Write out each record exactly and skip every image.

■ ■ ■ ■ ■

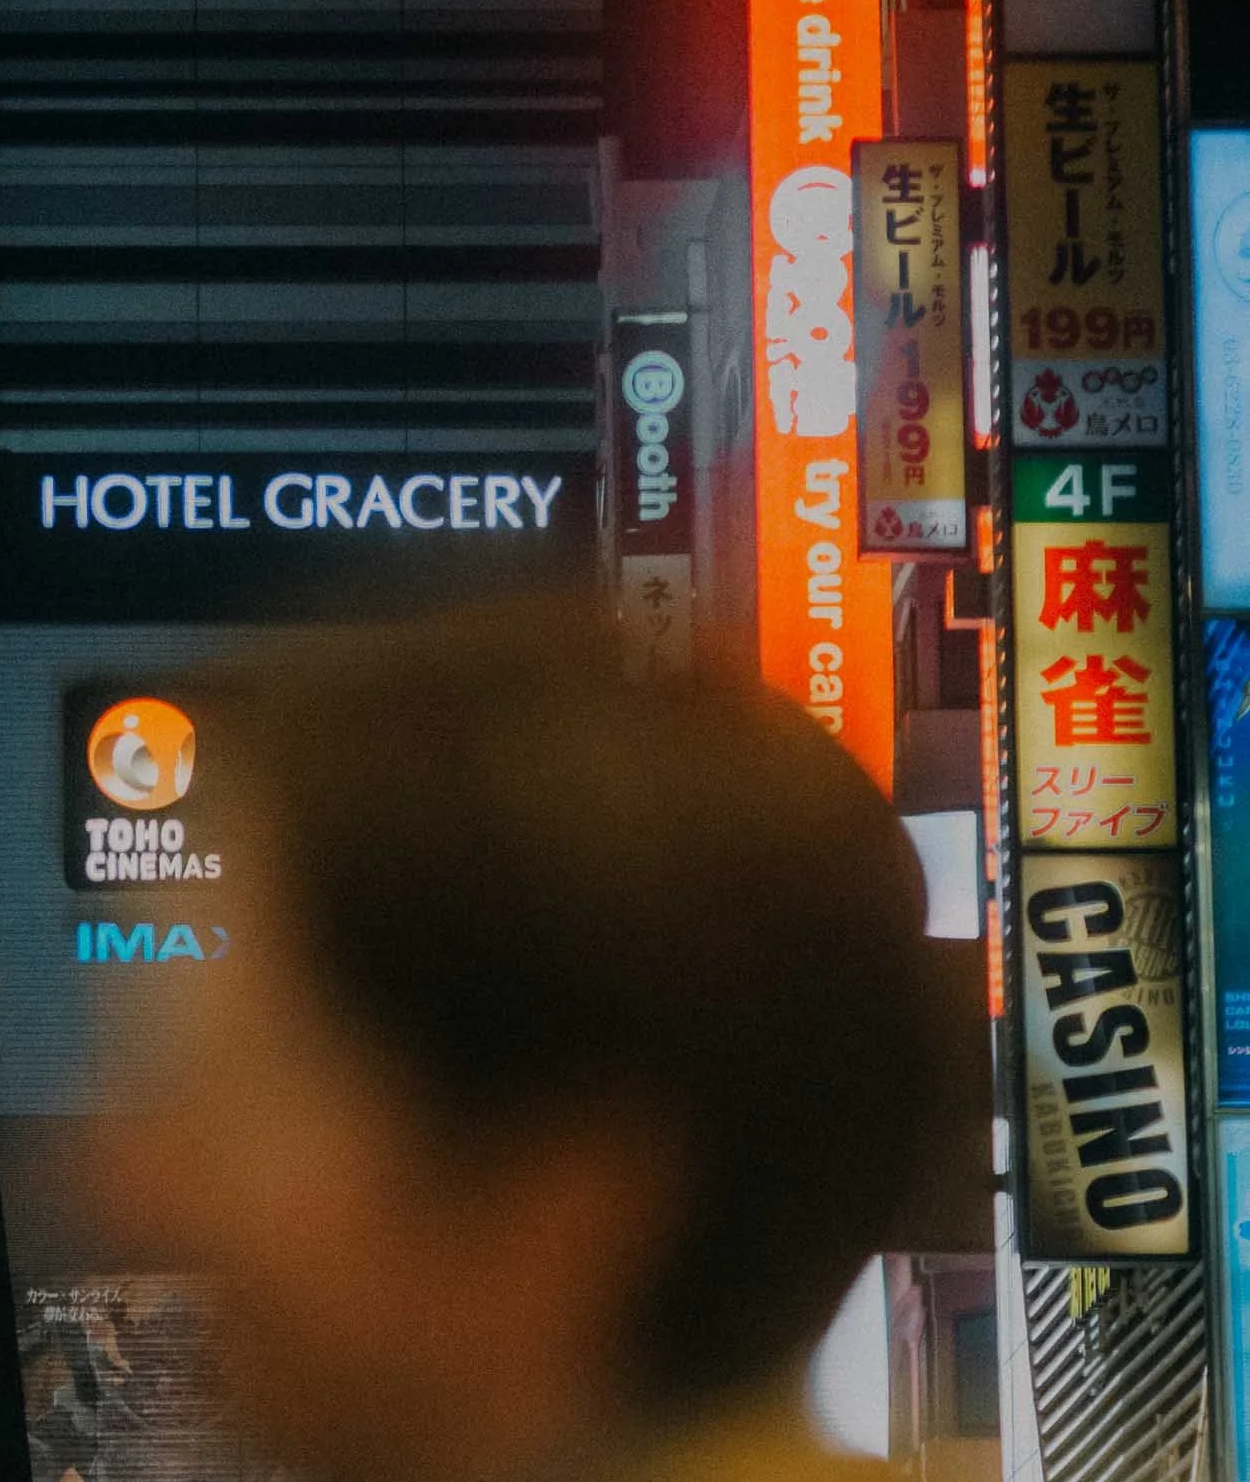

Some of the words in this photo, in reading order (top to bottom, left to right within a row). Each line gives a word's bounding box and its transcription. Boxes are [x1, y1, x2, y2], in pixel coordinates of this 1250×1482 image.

[796, 15, 843, 144] drink
[1044, 82, 1101, 286] 生ビール
[881, 163, 926, 329] 生ビール
[1020, 305, 1156, 352] 199円
[1086, 412, 1159, 437] 鳥メロ
[39, 473, 250, 530] HOTEL
[263, 472, 563, 530] GRACERY
[793, 458, 851, 535] try
[1045, 463, 1138, 516] 4F
[807, 542, 844, 629] our
[1038, 538, 1154, 748] 麻雀
[1034, 765, 1136, 796] スリー
[84, 818, 185, 853] TOHO
[1028, 801, 1170, 840] ファイブ
[84, 852, 223, 881] CINEMAS
[1027, 881, 1183, 1231] CASINO

■ ■ ■ ■ ■

### Written response
Some of the words in this photo, in reading order (top to bottom, left to right within a row). Each line gives a word's bounding box and its transcription. Boxes are [x1, y1, x2, y2], in pixel coordinates of this 1250×1482 image.

[796, 15, 843, 144] drink
[1044, 82, 1101, 286] 生ビール
[881, 163, 926, 329] 生ビール
[1020, 305, 1156, 352] 199円
[1086, 412, 1159, 437] 鳥メロ
[39, 473, 250, 530] HOTEL
[263, 472, 563, 530] GRACERY
[793, 458, 851, 535] try
[1045, 463, 1138, 516] 4F
[807, 542, 844, 629] our
[1038, 538, 1154, 748] 麻雀
[1034, 765, 1136, 796] スリー
[84, 818, 185, 853] TOHO
[1028, 801, 1170, 840] ファイブ
[84, 852, 223, 881] CINEMAS
[1027, 881, 1183, 1231] CASINO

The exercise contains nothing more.